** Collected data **
____

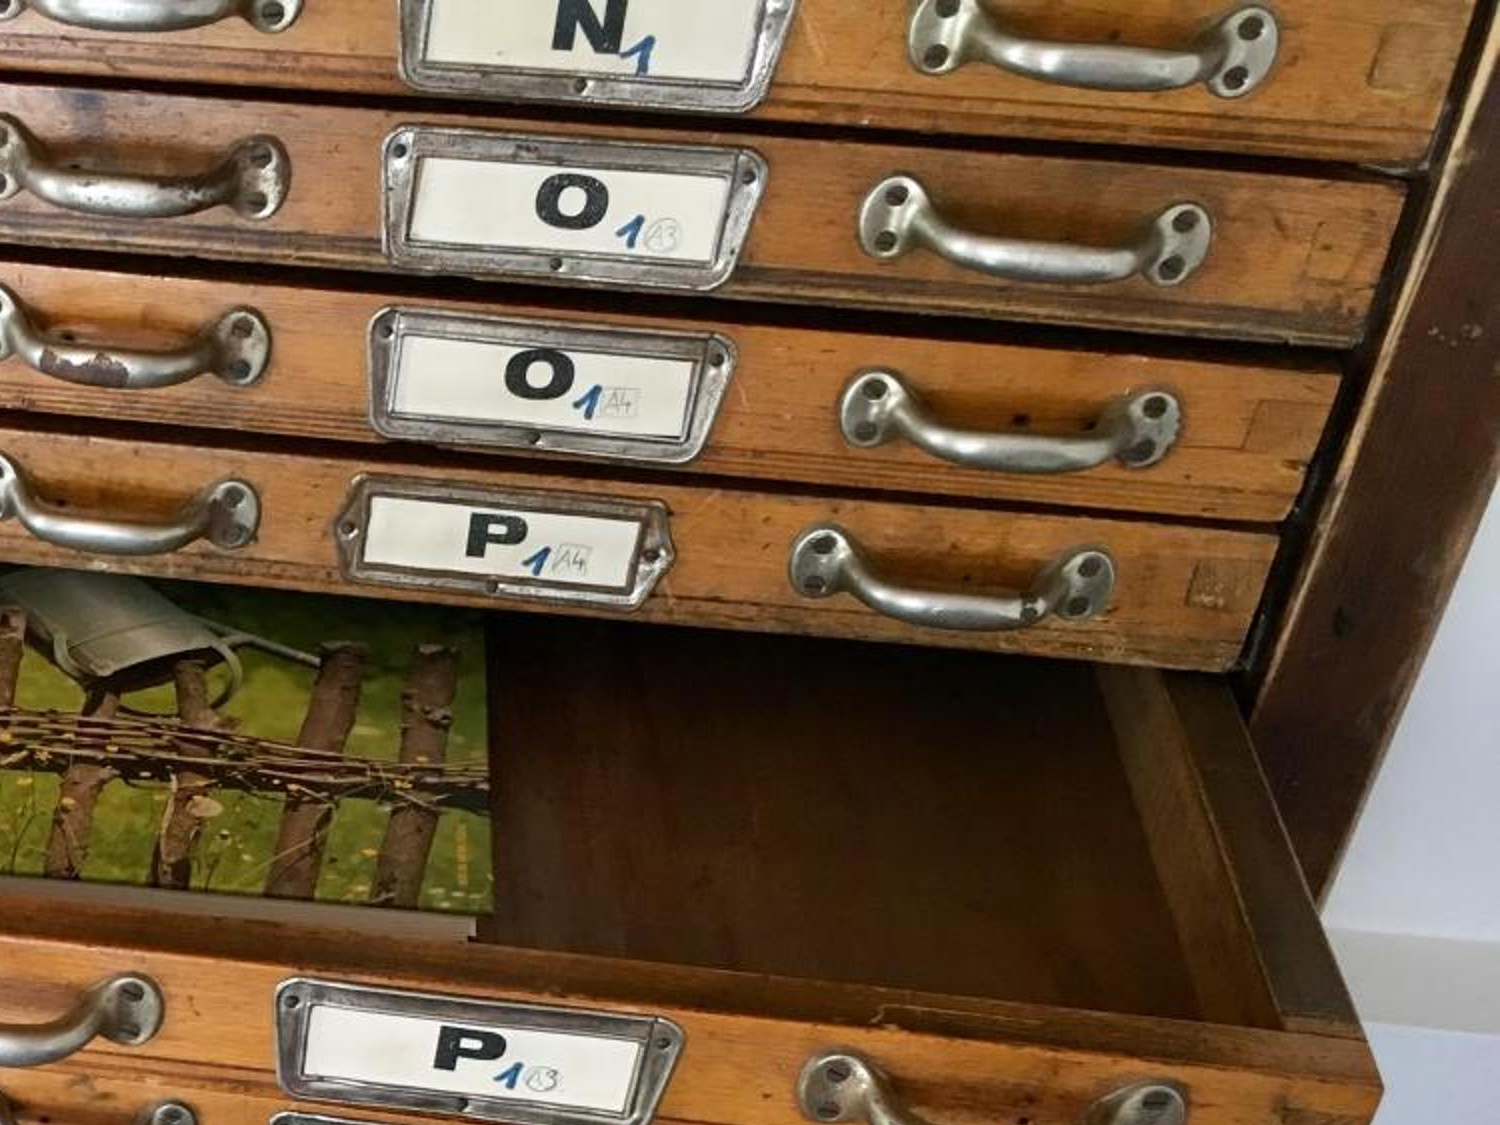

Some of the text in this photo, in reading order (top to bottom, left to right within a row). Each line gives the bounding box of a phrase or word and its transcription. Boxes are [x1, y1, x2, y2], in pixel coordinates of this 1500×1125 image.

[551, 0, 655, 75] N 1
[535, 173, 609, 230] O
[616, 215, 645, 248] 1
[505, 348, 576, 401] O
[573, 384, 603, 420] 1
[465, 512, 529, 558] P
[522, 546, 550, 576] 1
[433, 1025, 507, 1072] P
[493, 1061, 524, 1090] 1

____

** THE PROBLEM **
The data must be repeated exactly. Any pictures in it are to be left out.

** RESULT OF THIS EXERCISE **
Some of the text in this photo, in reading order (top to bottom, left to right within a row). Each line gives the bounding box of a phrase or word and its transcription. Boxes are [x1, y1, x2, y2], in pixel coordinates of this 1500×1125 image.

[551, 0, 655, 75] N 1
[535, 173, 609, 230] O
[616, 215, 645, 248] 1
[505, 348, 576, 401] O
[573, 384, 603, 420] 1
[465, 512, 529, 558] P
[522, 546, 550, 576] 1
[433, 1025, 507, 1072] P
[493, 1061, 524, 1090] 1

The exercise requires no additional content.